• Information
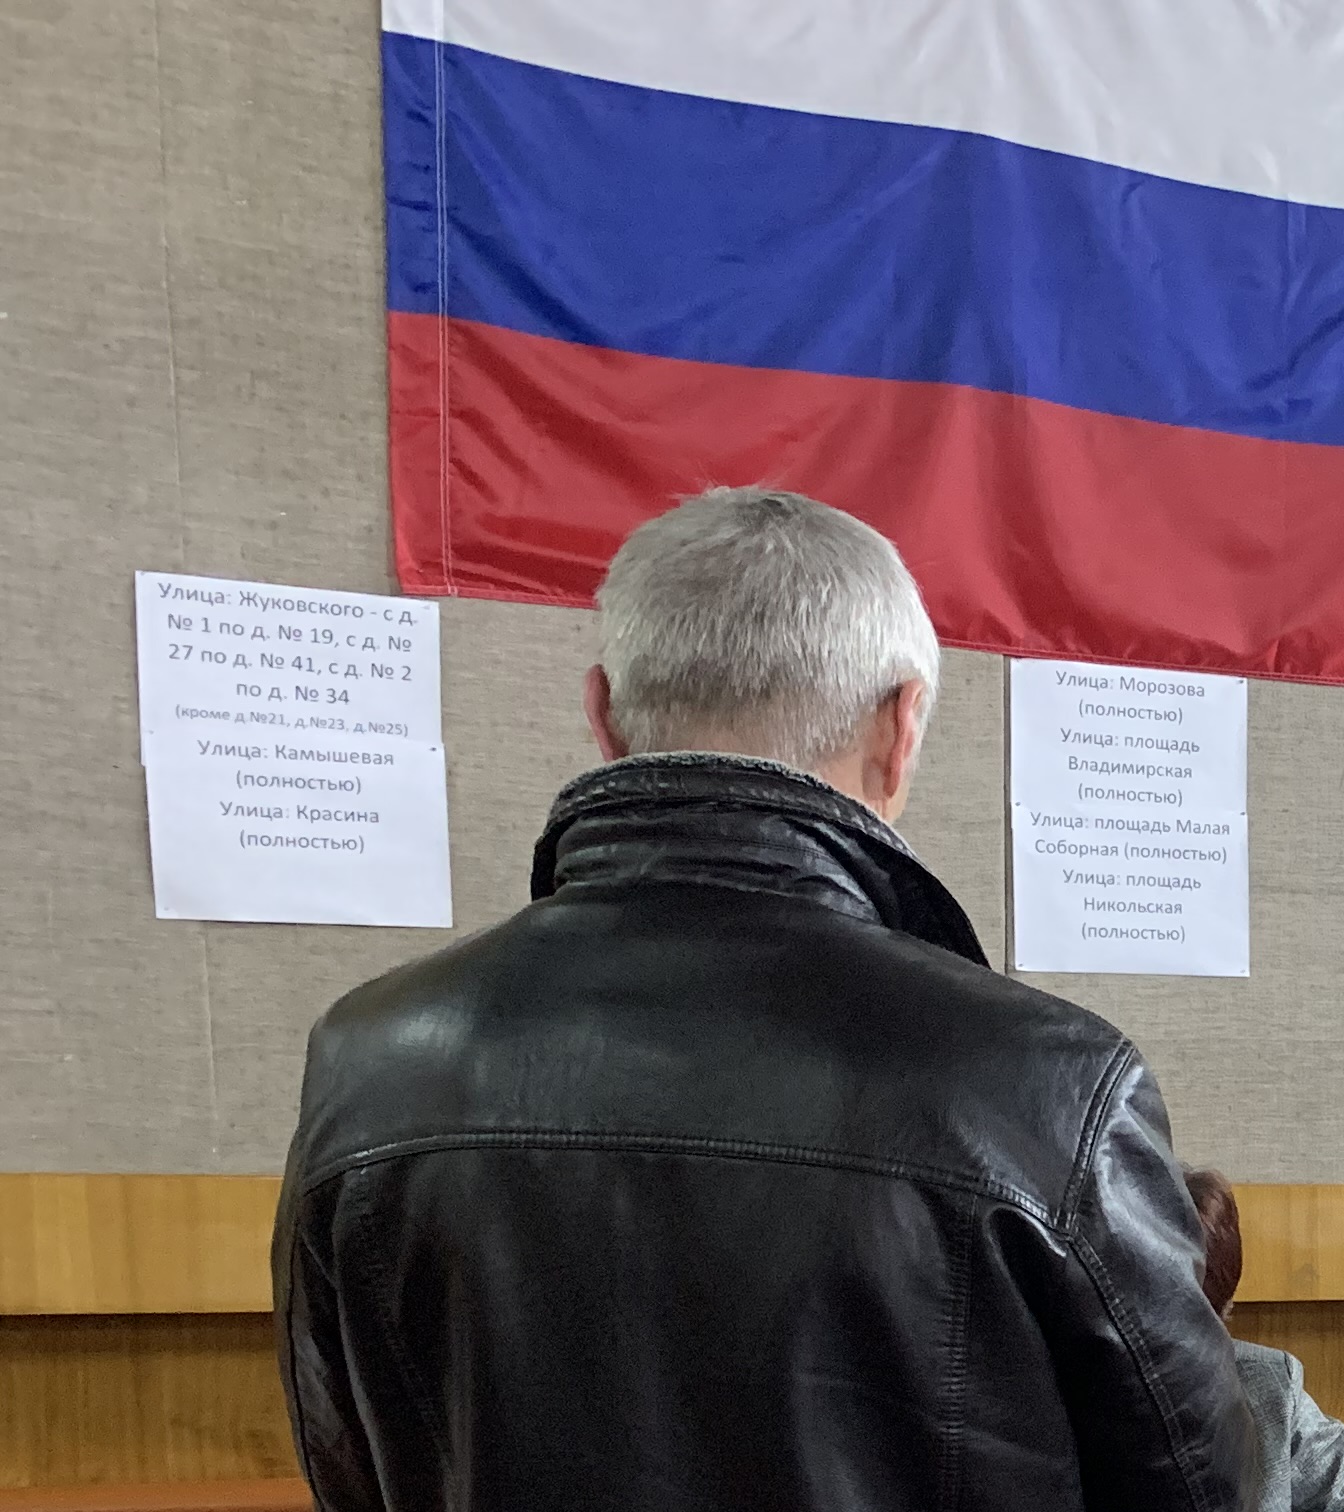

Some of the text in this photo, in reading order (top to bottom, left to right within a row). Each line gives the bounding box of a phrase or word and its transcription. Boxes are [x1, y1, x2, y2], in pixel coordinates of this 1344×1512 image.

[158, 583, 231, 605] Улица:
[239, 591, 364, 618] Жуковского
[383, 609, 394, 621] с
[399, 609, 418, 626] д.
[168, 614, 412, 652] № 1 по д. № 19, с д. №
[168, 644, 412, 681] 27 по д. № 41, с д. № 2
[236, 683, 350, 704] по д. № 34
[1055, 670, 1205, 698] Улица: Морозова
[175, 705, 230, 721] (кроме
[1078, 699, 1183, 724] (полностью)
[197, 739, 394, 766] Улица: Камышевая
[1060, 728, 1200, 753] Улица: площадь
[1068, 756, 1192, 778] Владимирская
[236, 769, 362, 794] (полностью)
[1078, 783, 1183, 806] (полностью)
[219, 801, 379, 824] Улица: Красина
[1030, 812, 1230, 836] Улица: площадь Малая
[239, 830, 365, 853] (полностью)
[1035, 839, 1227, 864] Соборная (полностью)
[1062, 869, 1202, 890] Улица: площадь
[1083, 897, 1182, 915] Никольская
[1081, 923, 1186, 943] (полностью)

• Goal of the exercise
A verbatim copy of the listing is required, with all pictures left out.

• Answer section
Some of the text in this photo, in reading order (top to bottom, left to right within a row). Each line gives the bounding box of a phrase or word and its transcription. Boxes are [x1, y1, x2, y2], in pixel coordinates of this 1344×1512 image.

[158, 583, 231, 605] Улица:
[239, 591, 364, 618] Жуковского
[383, 609, 394, 621] с
[399, 609, 418, 626] д.
[168, 614, 412, 652] № 1 по д. № 19, с д. №
[168, 644, 412, 681] 27 по д. № 41, с д. № 2
[236, 683, 350, 704] по д. № 34
[1055, 670, 1205, 698] Улица: Морозова
[175, 705, 230, 721] (кроме
[1078, 699, 1183, 724] (полностью)
[197, 739, 394, 766] Улица: Камышевая
[1060, 728, 1200, 753] Улица: площадь
[1068, 756, 1192, 778] Владимирская
[236, 769, 362, 794] (полностью)
[1078, 783, 1183, 806] (полностью)
[219, 801, 379, 824] Улица: Красина
[1030, 812, 1230, 836] Улица: площадь Малая
[239, 830, 365, 853] (полностью)
[1035, 839, 1227, 864] Соборная (полностью)
[1062, 869, 1202, 890] Улица: площадь
[1083, 897, 1182, 915] Никольская
[1081, 923, 1186, 943] (полностью)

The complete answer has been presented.